NEWS

 

Students participate in minority grant program

by Andy Garvin, news editor

Twelve students at South Plains College are the first to participate in the Plains Bridges to the Baccalaureate program.

The program, a partnership between SPC and Texas Tech University is the fruit from a $1.08 million, five-year grant that will be used to encourage and support minority undergraduate students interested in the biomedical sciences. It began with the fall semester.

Hispanics, American Indians and African-Americans made up 27 percent of the population of the United States in 2000, but the 2005 Graduate Enrollment and Degrees Report found that they comprised only 20 percent of all graduate degrees.

Jaclyn Cañas, program director for the Plains Bridges to Baccalaureate Program at Texas Tech, said it is critical for higher education institutions to develop programs to help minority students overcome the challenges they face in pursuing university degrees, especially in the sciences, an area in which, statistics show, they are underrepresented.

The Plains Bridges to the Baccalaureate Program targets minority students majoring in science at SPC, providing activities and services to help those SPC students transfer to a four-year university, continue their education in the biological/biomedical sciences and provide opportunities to participate in real research.

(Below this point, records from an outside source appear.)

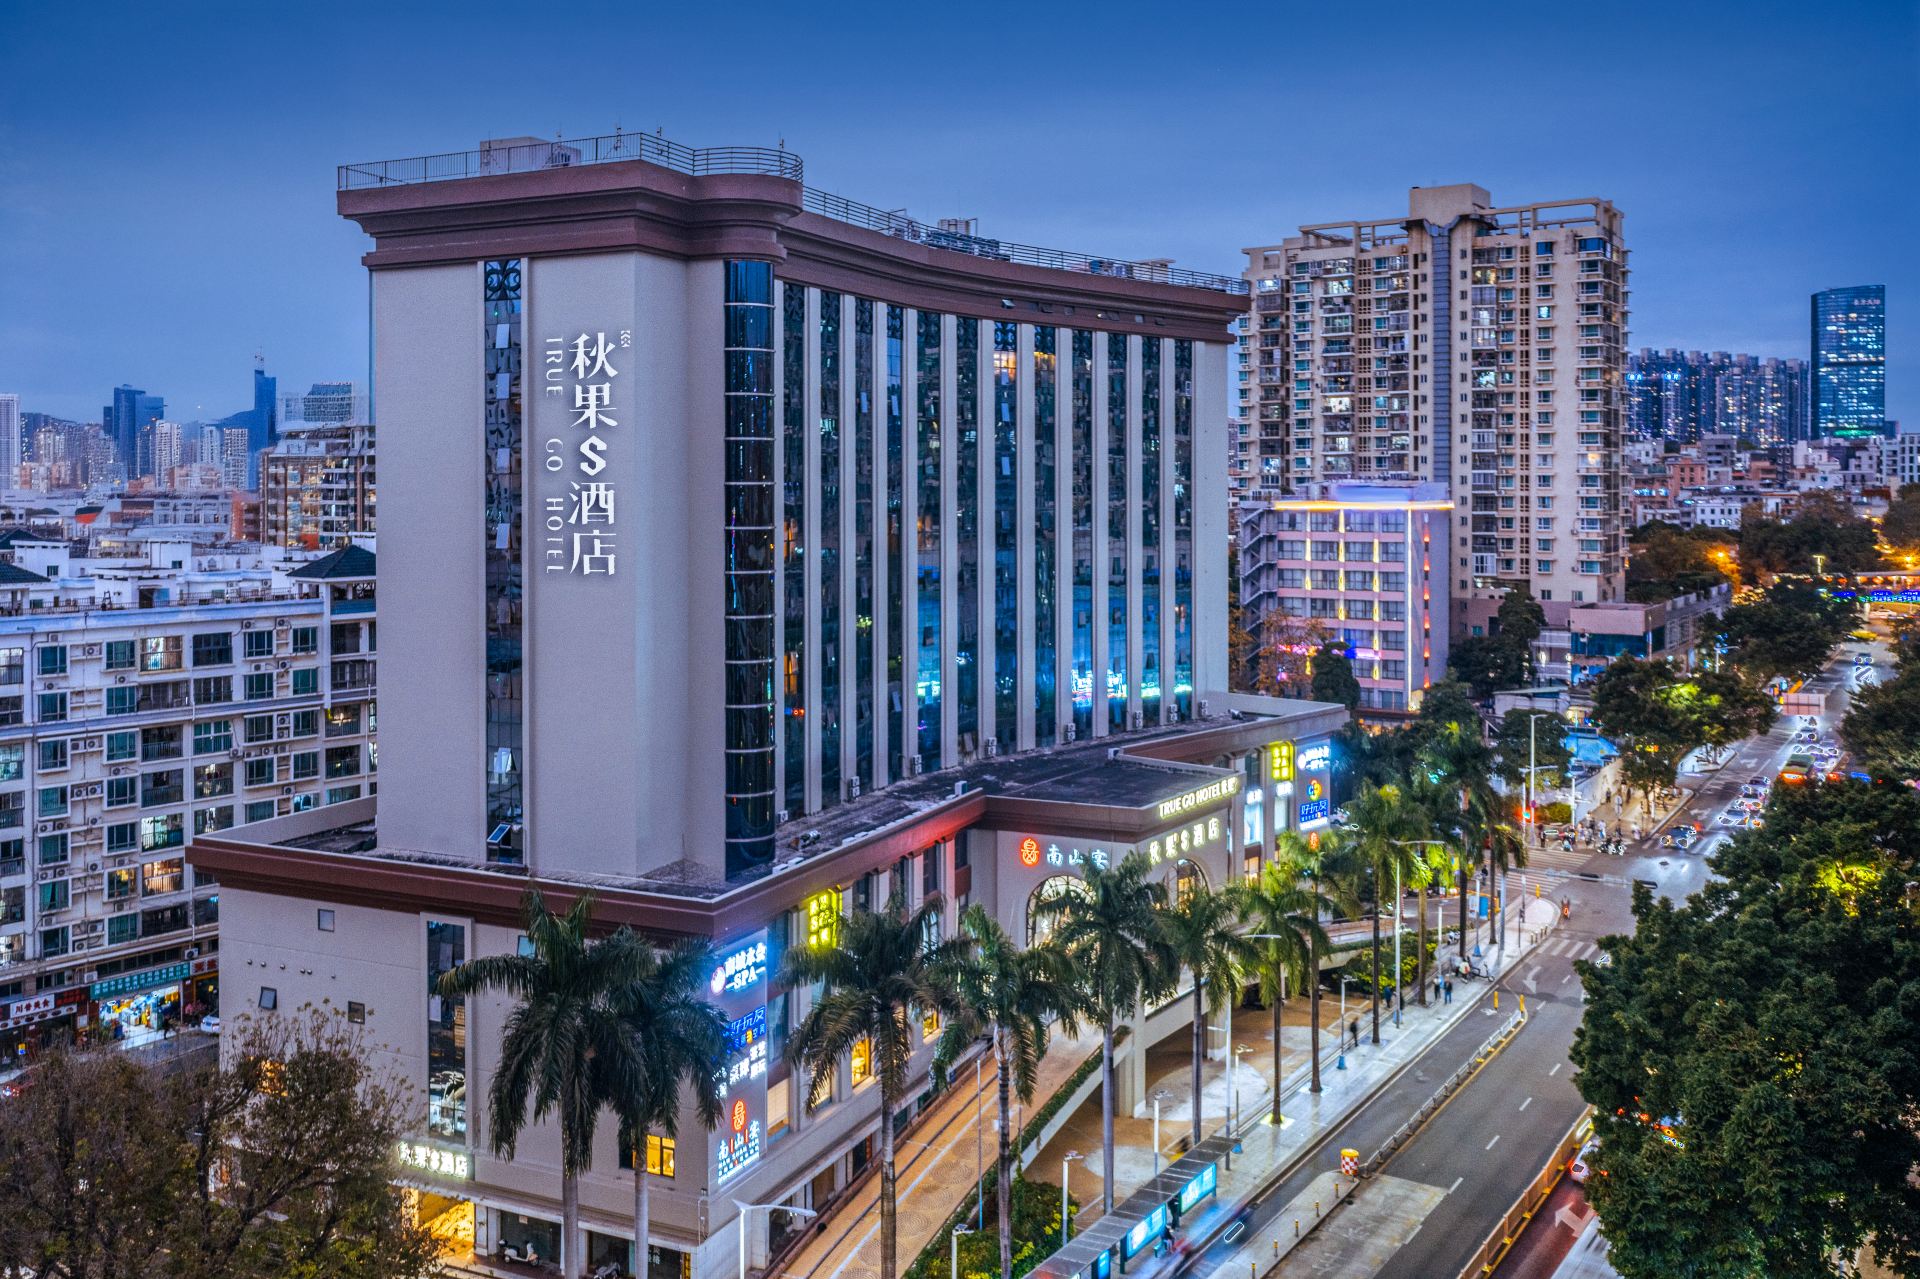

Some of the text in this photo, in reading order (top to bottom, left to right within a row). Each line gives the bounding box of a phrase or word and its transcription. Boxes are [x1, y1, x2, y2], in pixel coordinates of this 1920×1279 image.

[545, 438, 564, 472] GO
[567, 332, 619, 576] 秋果S酒店
[545, 497, 564, 574] HOTEL
[1158, 797, 1182, 818] TRUE
[1182, 793, 1196, 810] GO
[1196, 783, 1221, 804] HOTEL
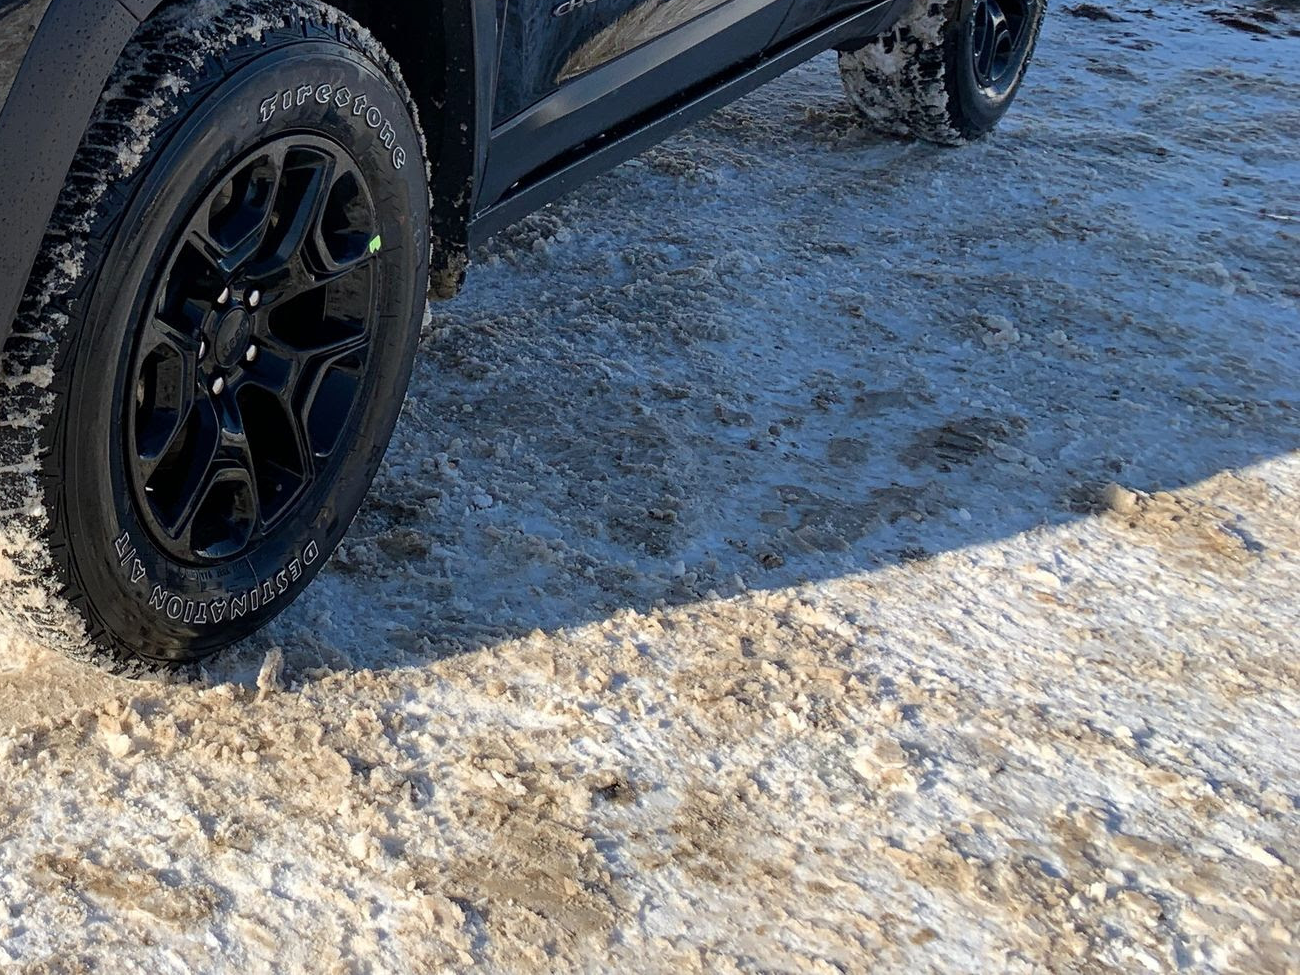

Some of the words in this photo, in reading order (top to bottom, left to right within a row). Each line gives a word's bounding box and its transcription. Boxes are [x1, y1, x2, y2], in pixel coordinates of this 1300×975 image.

[260, 84, 406, 169] Firestone
[114, 531, 146, 583] A/T
[149, 540, 319, 624] DESTINATION
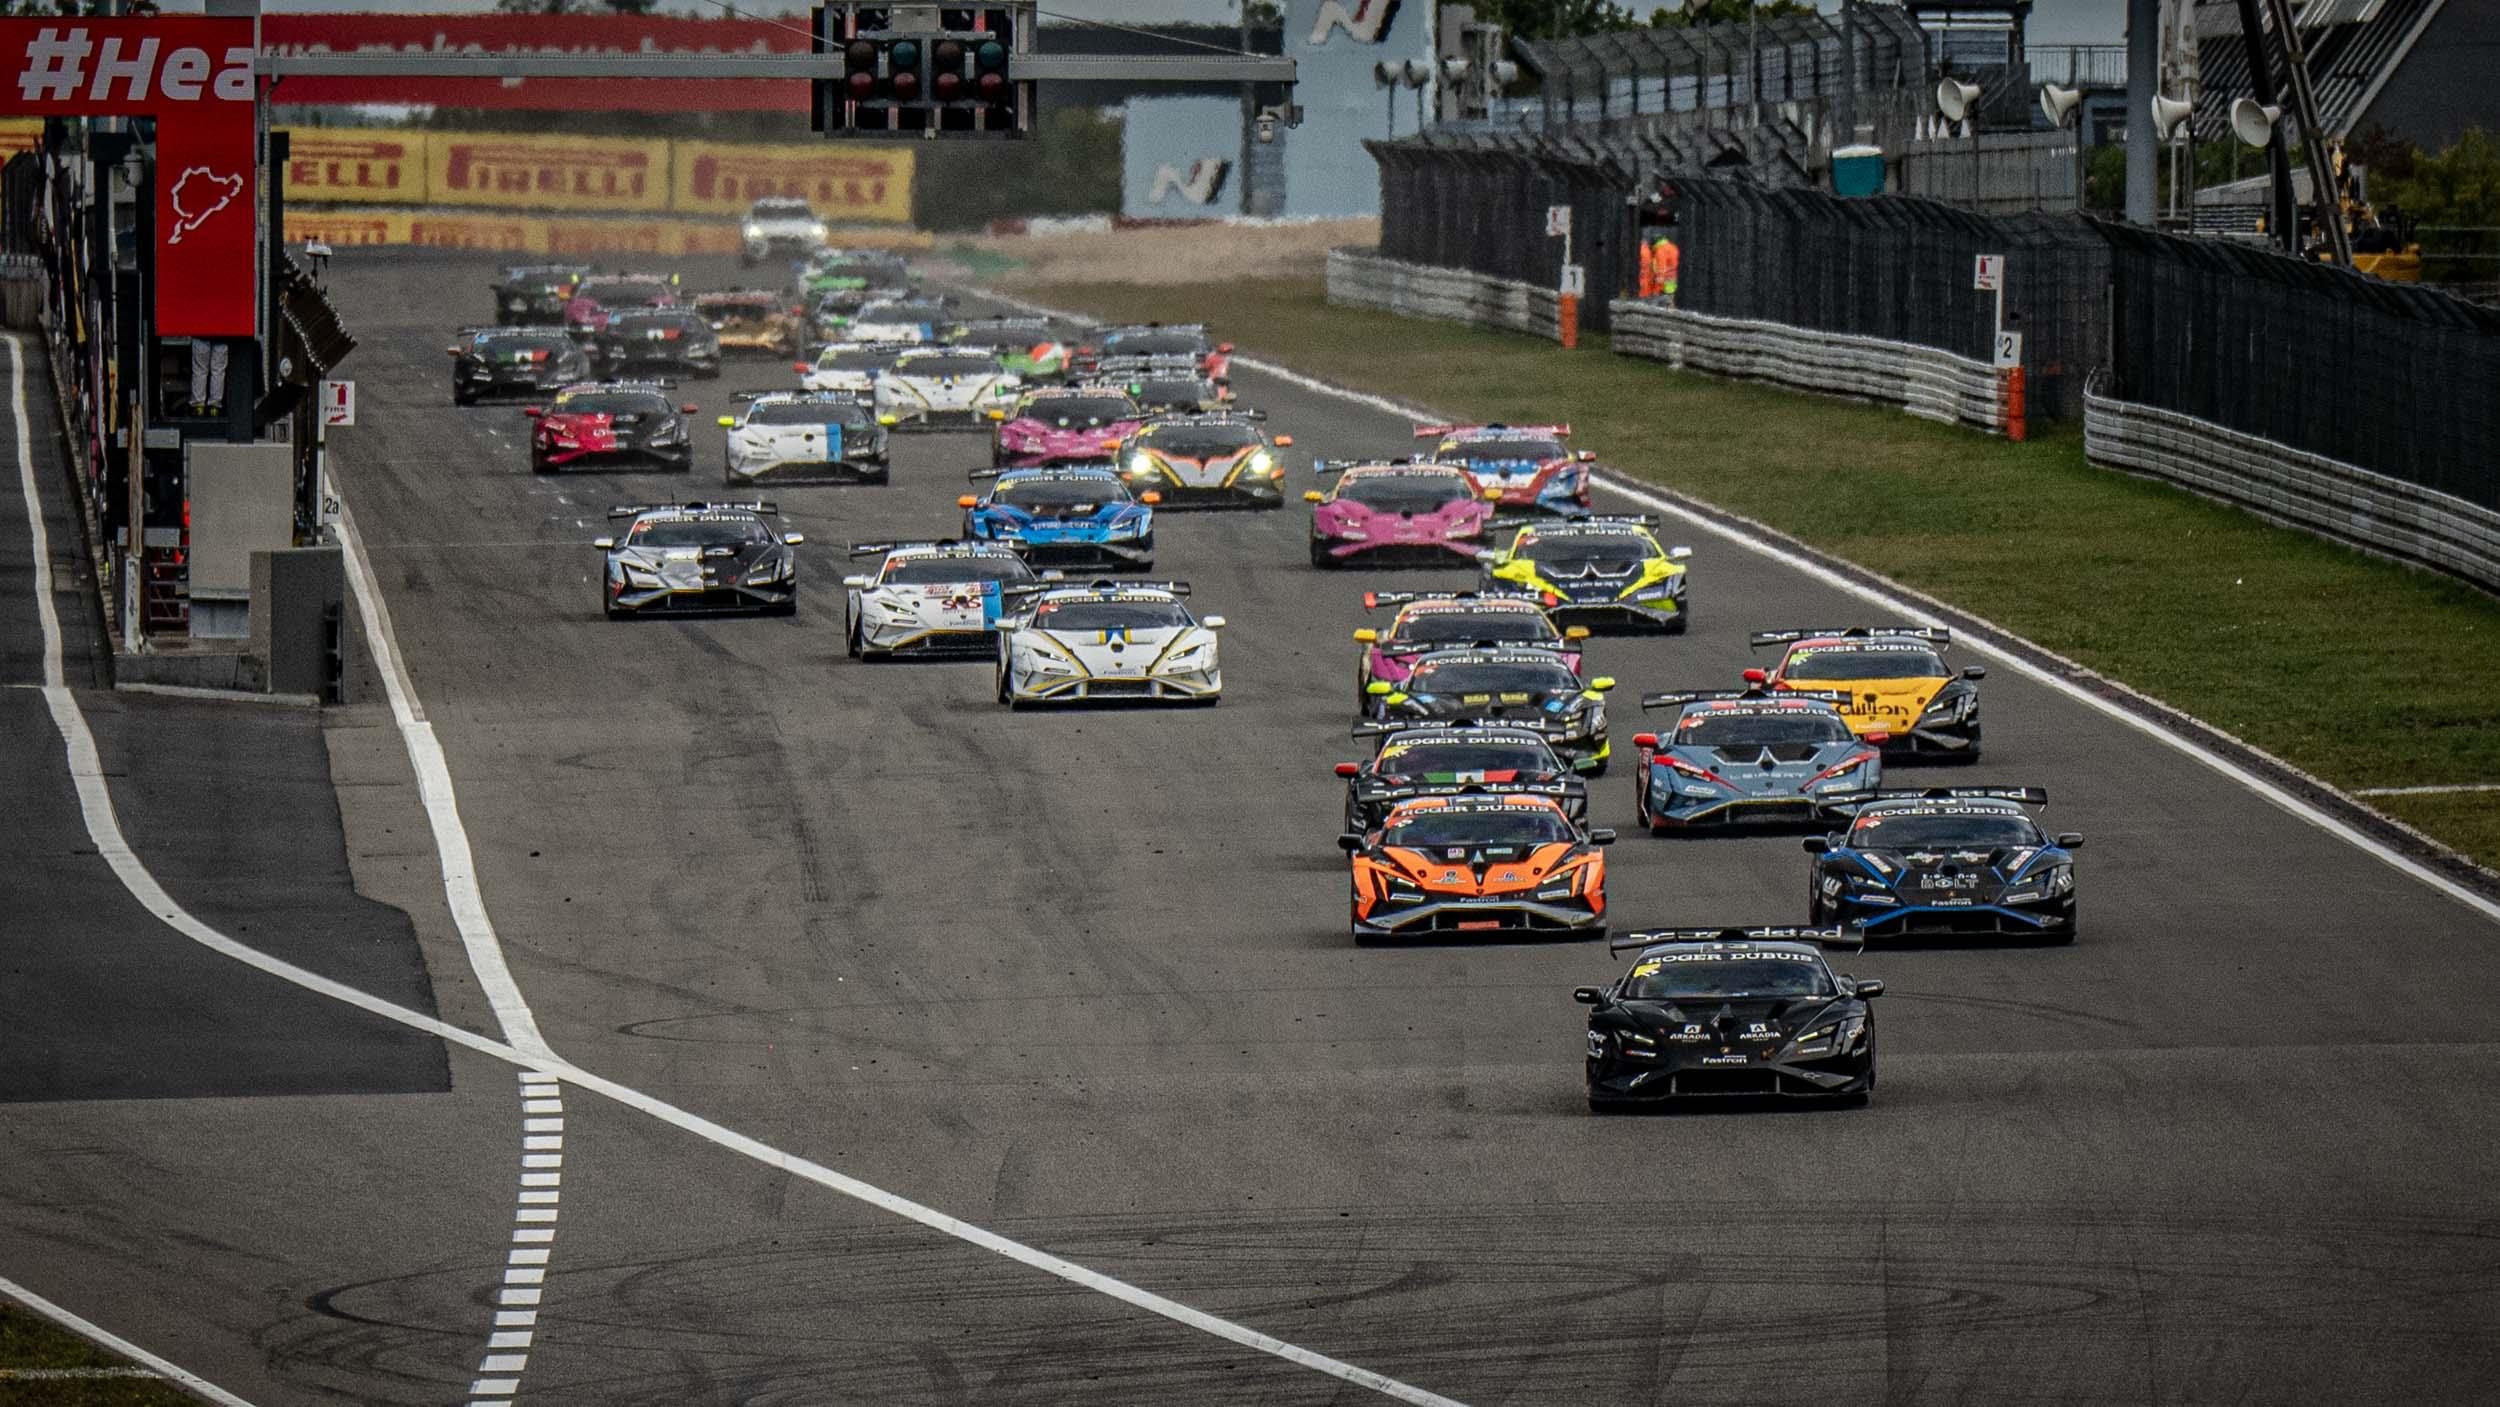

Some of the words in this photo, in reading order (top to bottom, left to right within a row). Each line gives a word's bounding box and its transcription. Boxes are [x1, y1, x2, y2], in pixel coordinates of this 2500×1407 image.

[18, 28, 255, 101] #Hea
[2003, 336, 2013, 359] 2
[324, 497, 340, 515] 2a
[1401, 804, 1468, 815] ROGER
[1476, 803, 1550, 813] DUBUIS
[1869, 808, 1937, 817] ROGER
[1944, 807, 2019, 816] DUBUIS
[1647, 953, 1722, 963] ROGER
[1730, 952, 1813, 962] DUBUIS

“This program is not meant to add more to your plate,” said Dr. Jay Driver, professor of mathematics at SPC. “It is meant to enrich what you already have.” 

They hope to have 48 students pass through the program during the next five years, and the students who are awarded will participate in a two-year program geared toward  helping them succeed in college and science.

“We want to let the students know what other options are right at their fingertips,” added Dr. Driver.

The students are guaranteed a summer job doing under-graduate research in a laboratory at Texas Tech or the TTU Health Sciences Center during the summer following their first year at SPC. They can continue the job, part-time, during the school year.

“We hope to put together career workshops, open up their minds and say, ‘Here are some other options’,” said Driver.

The program does not provide room and board during the school year or summer, and it does not pay tuition and fees. Any student can drop out of the program at any time.

Dr. Jay Driver and Dr. Phillip Anderson, chairperson of the Math Department at SPC, and other Texas Tech faculty members, aided in securing the funding for this program.